[PROBLEM DETAILS]: Print a faithful copy of the data below, word for word, with the pictures left out.

[GIVEN DATA]:
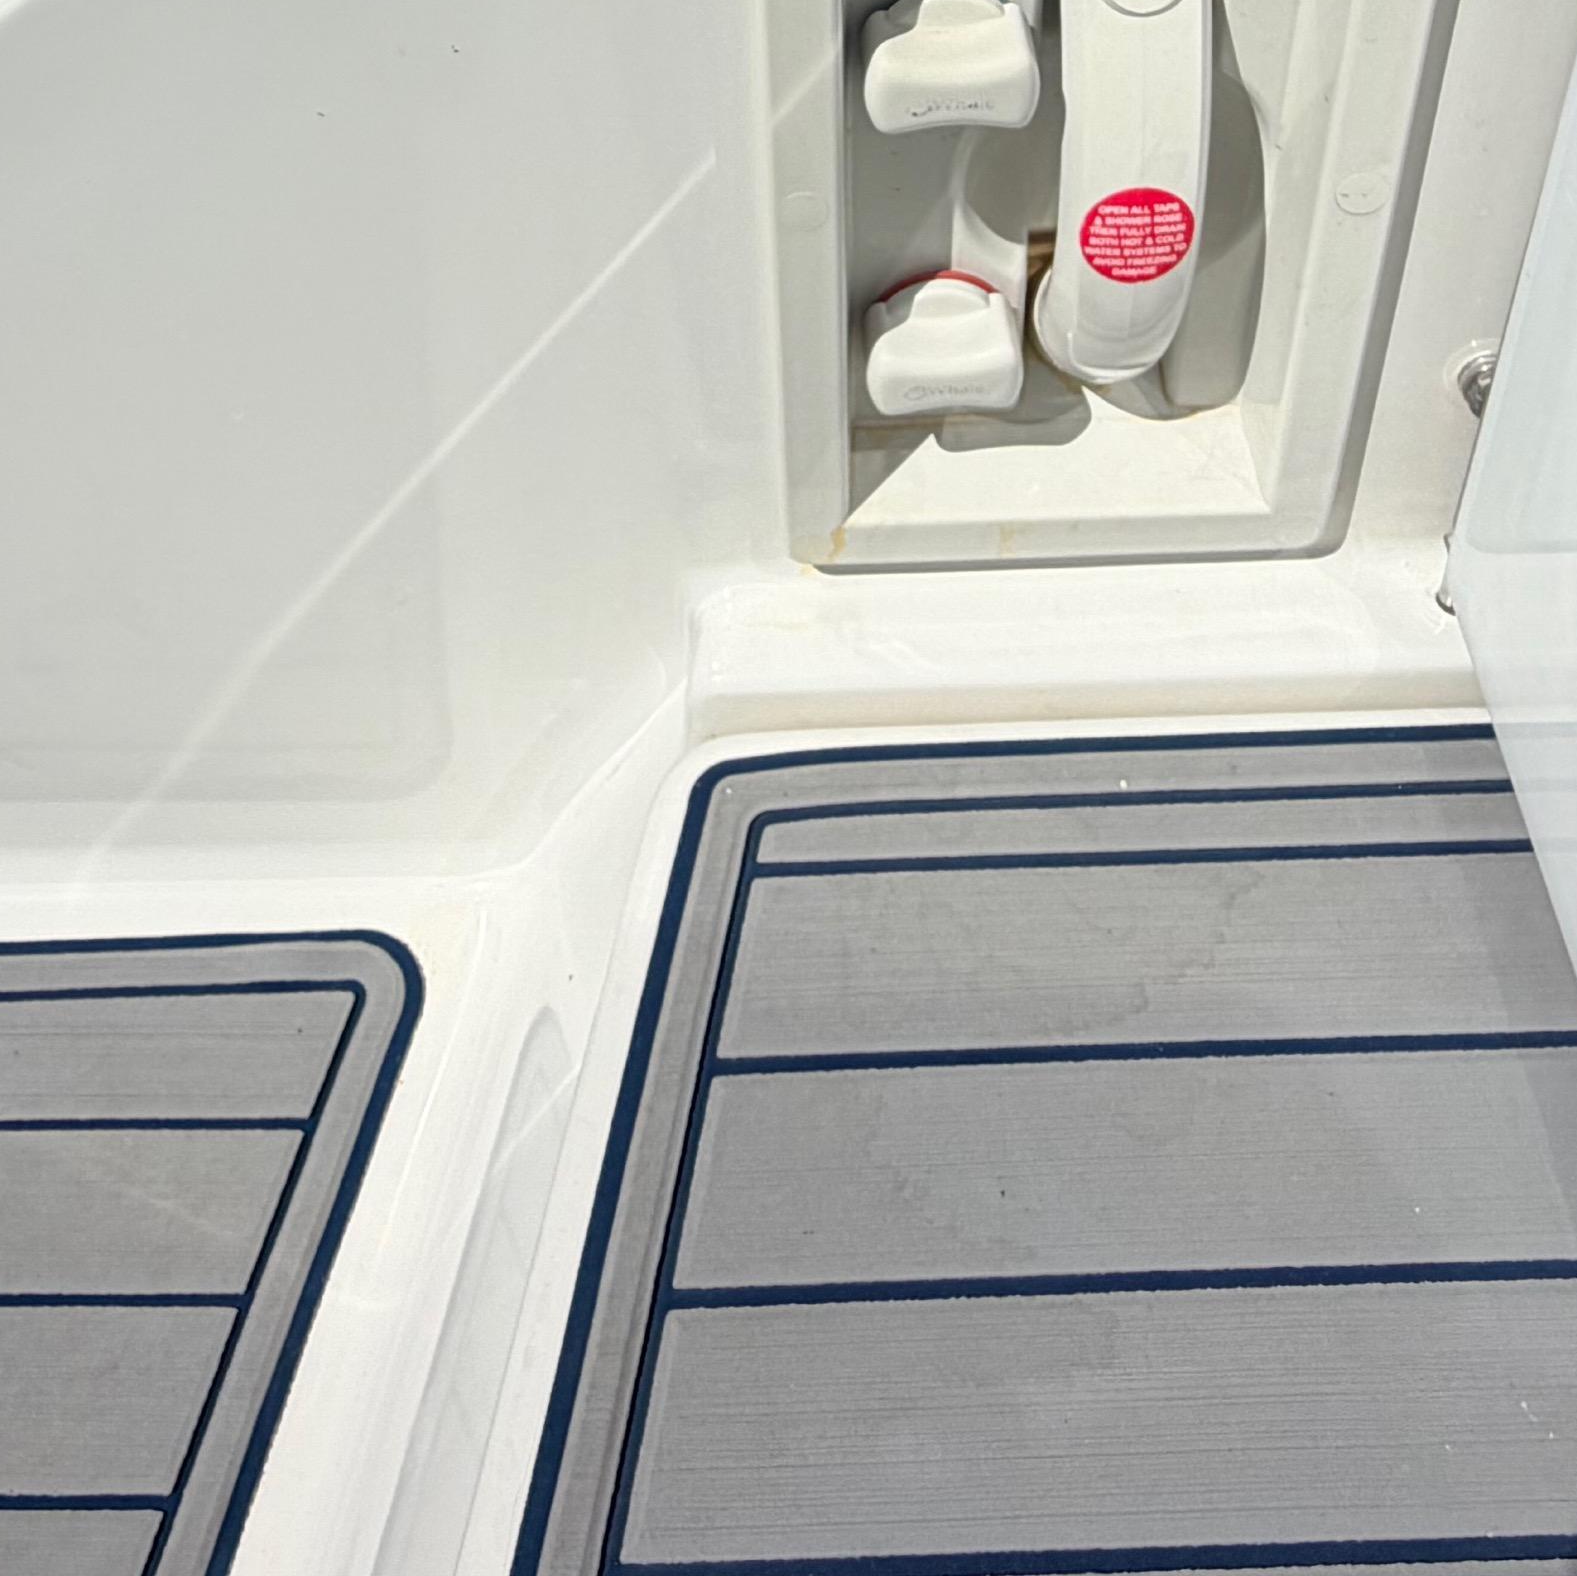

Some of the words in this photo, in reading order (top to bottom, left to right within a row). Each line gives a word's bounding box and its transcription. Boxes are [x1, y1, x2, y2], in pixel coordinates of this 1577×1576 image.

[1130, 205, 1150, 214] ALL
[1120, 227, 1152, 236] FULLY
[1089, 237, 1118, 246] BOTH
[1121, 237, 1143, 246] HOT
[1084, 246, 1120, 256] WATER
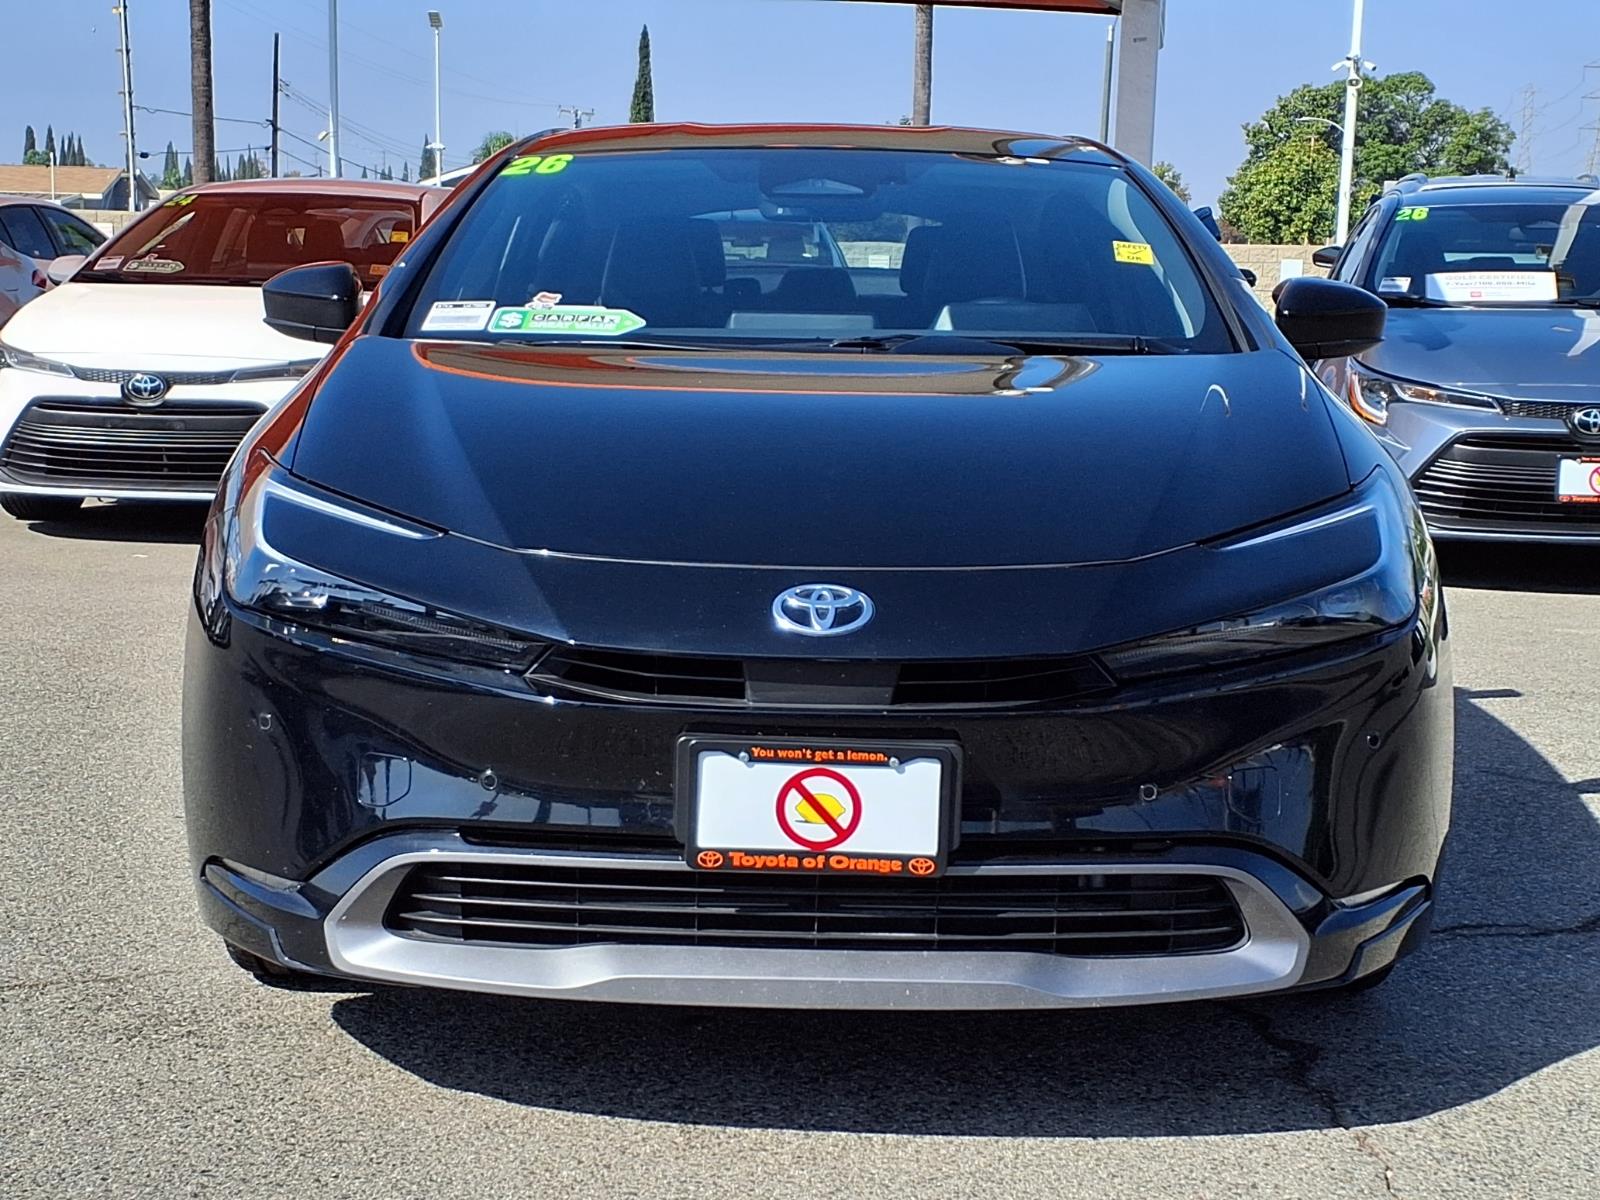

[ANSWER TO THIS TASK]:
Some of the words in this photo, in reading order (top to bottom, left to right within a row). Each line gives a word's bounding box and its transcription. Boxes are [x1, y1, x2, y2], in pixel coordinates of this 1577×1576 image.

[1130, 205, 1150, 214] ALL
[1120, 227, 1152, 236] FULLY
[1089, 237, 1118, 246] BOTH
[1121, 237, 1143, 246] HOT
[1084, 246, 1120, 256] WATER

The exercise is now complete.